▶ What to work on
The reply should repeat all of the data word for word, with no pictures.

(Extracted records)
_ _ _ _
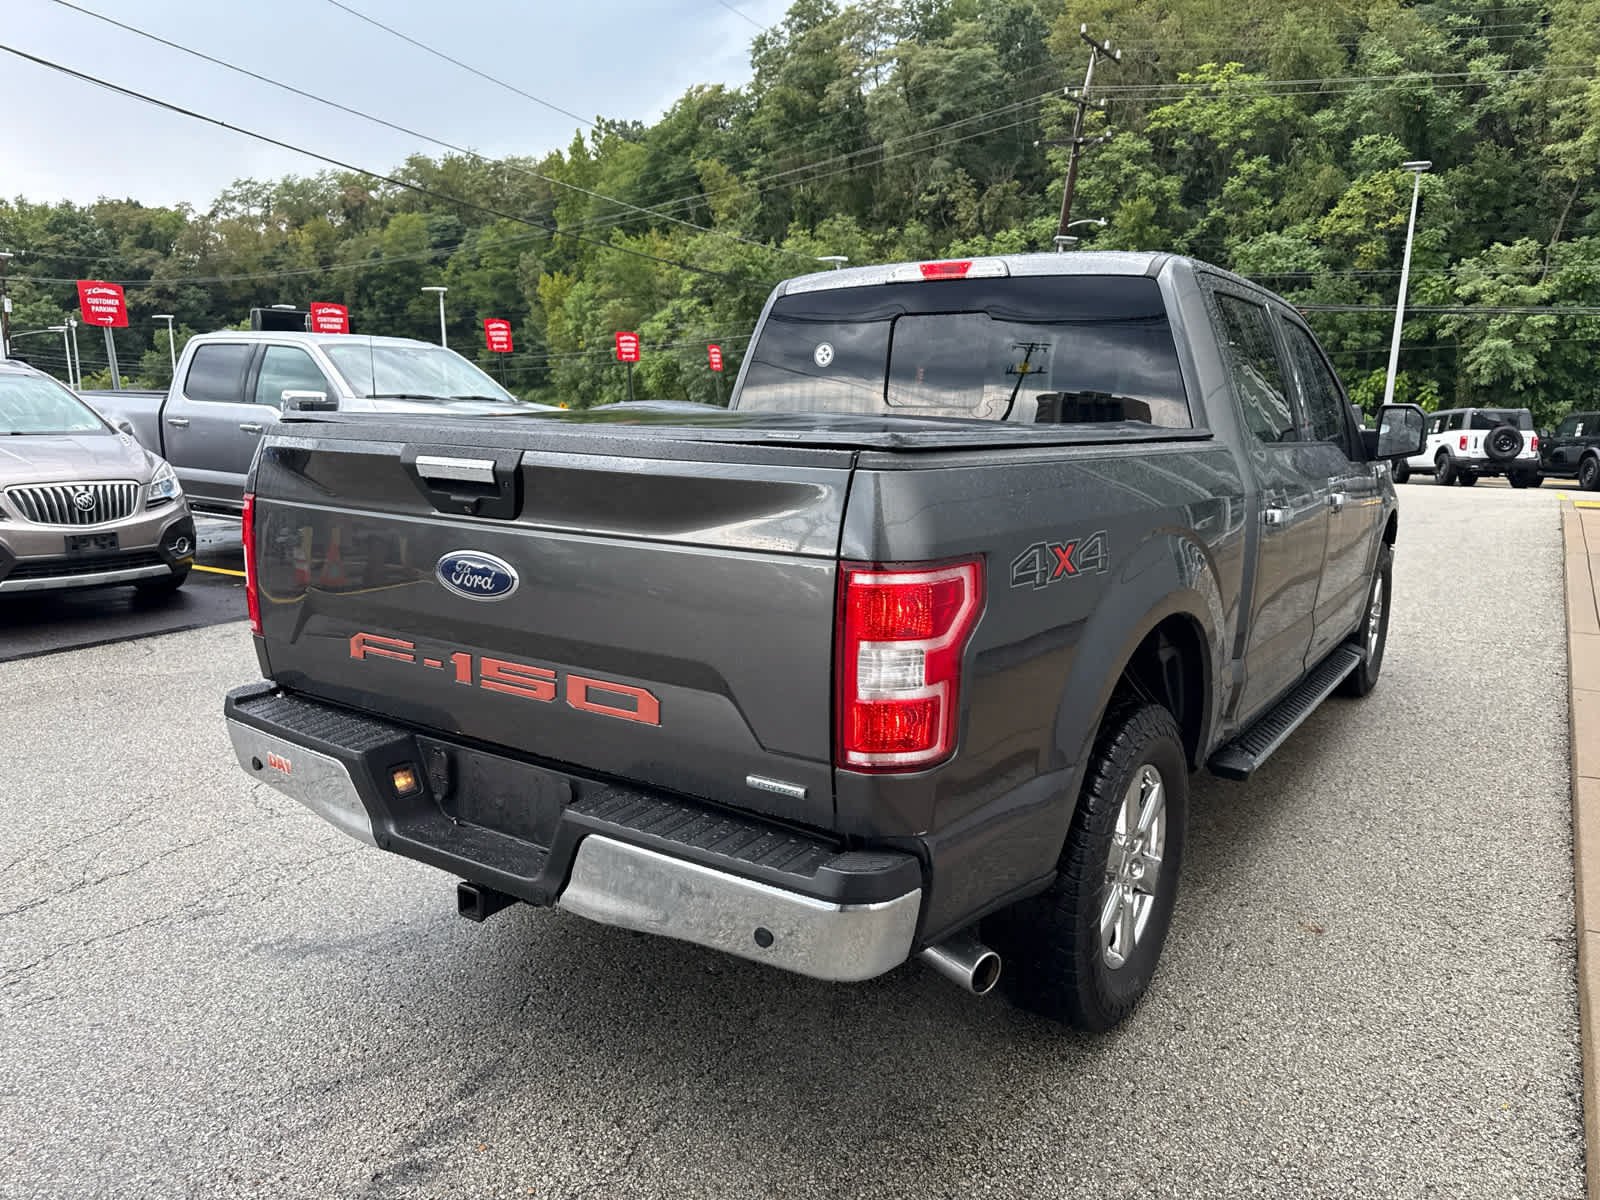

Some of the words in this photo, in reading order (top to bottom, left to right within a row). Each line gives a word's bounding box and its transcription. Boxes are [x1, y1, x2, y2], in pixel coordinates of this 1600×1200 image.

[86, 297, 120, 306] CUSTOMER
[91, 305, 118, 313] PARKING
[451, 560, 495, 592] Ford
[350, 632, 662, 727] F-150
_ _ _ _
▶ Solution for this problem
Some of the words in this photo, in reading order (top to bottom, left to right within a row). Each line gives a word's bounding box and its transcription. Boxes are [x1, y1, x2, y2], in pixel coordinates of this 1600×1200 image.

[86, 297, 120, 306] CUSTOMER
[91, 305, 118, 313] PARKING
[451, 560, 495, 592] Ford
[350, 632, 662, 727] F-150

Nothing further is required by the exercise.